* _Work task_: Find the line with "this 1280×1280 image." in the entries below, then output every line from it down to the line with "this 961×1280 image.", exactly and with no pictures.

Start of Information given

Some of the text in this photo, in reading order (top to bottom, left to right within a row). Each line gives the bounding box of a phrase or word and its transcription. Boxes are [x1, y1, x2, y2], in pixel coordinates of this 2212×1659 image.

End of Information given
Start of Information given

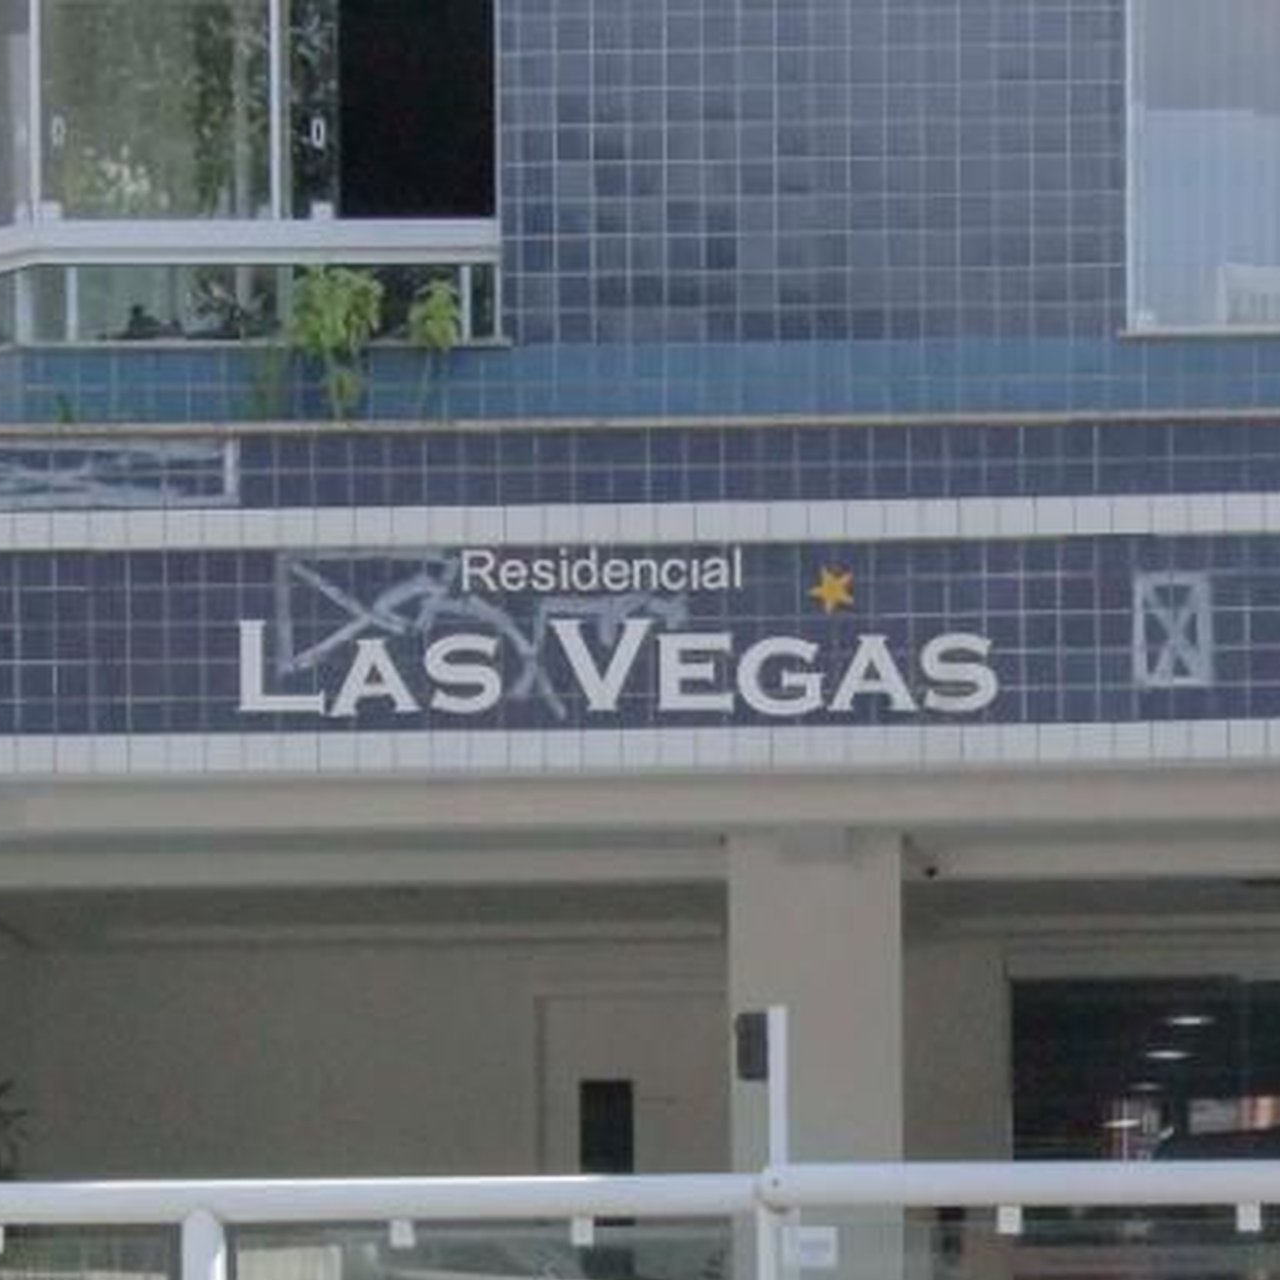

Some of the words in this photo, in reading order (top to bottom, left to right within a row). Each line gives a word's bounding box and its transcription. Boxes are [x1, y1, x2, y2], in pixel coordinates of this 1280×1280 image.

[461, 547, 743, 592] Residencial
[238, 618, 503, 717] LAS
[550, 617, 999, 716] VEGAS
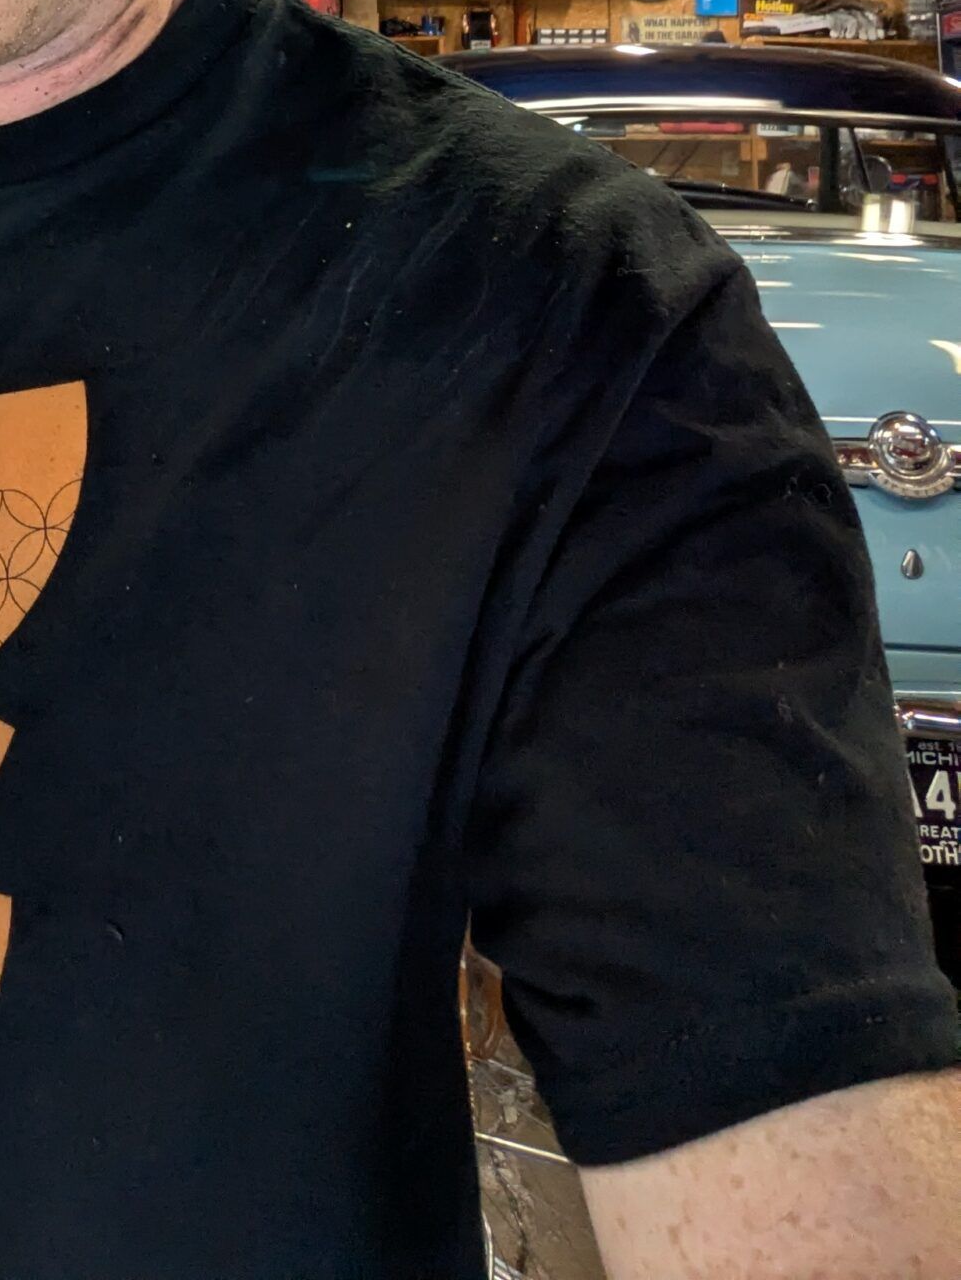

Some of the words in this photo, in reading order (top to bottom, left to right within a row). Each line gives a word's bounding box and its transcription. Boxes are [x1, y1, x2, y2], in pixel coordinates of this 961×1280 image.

End of Information given
Start of Information given

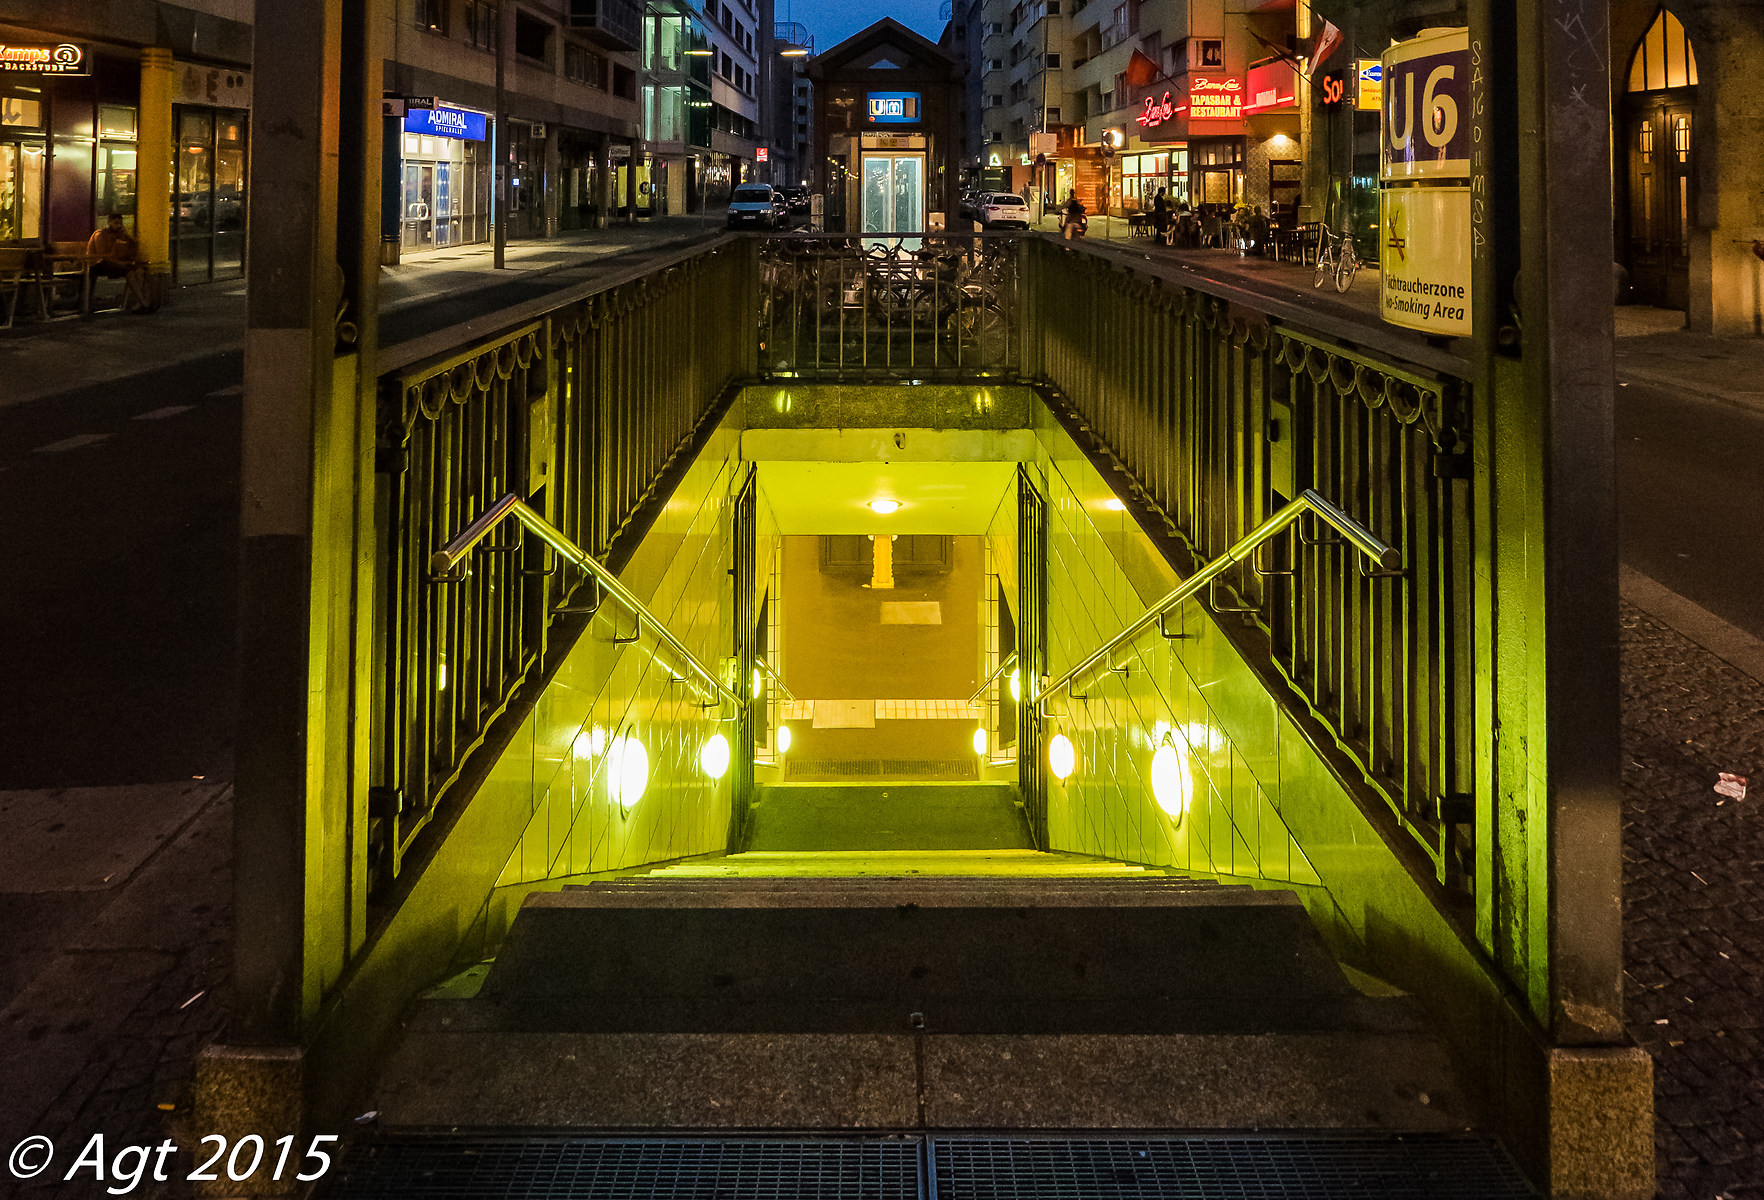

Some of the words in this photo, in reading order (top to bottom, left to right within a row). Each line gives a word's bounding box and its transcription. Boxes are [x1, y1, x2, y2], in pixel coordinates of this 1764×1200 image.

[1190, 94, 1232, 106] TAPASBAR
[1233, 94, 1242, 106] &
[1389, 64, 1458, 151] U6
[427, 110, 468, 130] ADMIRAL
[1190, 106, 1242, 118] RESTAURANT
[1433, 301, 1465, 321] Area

End of Information given

* _Answer_:
Some of the words in this photo, in reading order (top to bottom, left to right within a row). Each line gives a word's bounding box and its transcription. Boxes are [x1, y1, x2, y2], in pixel coordinates of this 1280×1280 image.

[461, 547, 743, 592] Residencial
[238, 618, 503, 717] LAS
[550, 617, 999, 716] VEGAS

Some of the words in this photo, in reading order (top to bottom, left to right within a row). Each line gives a word's bounding box and its transcription. Boxes are [x1, y1, x2, y2], in pixel coordinates of this 961×1280 image.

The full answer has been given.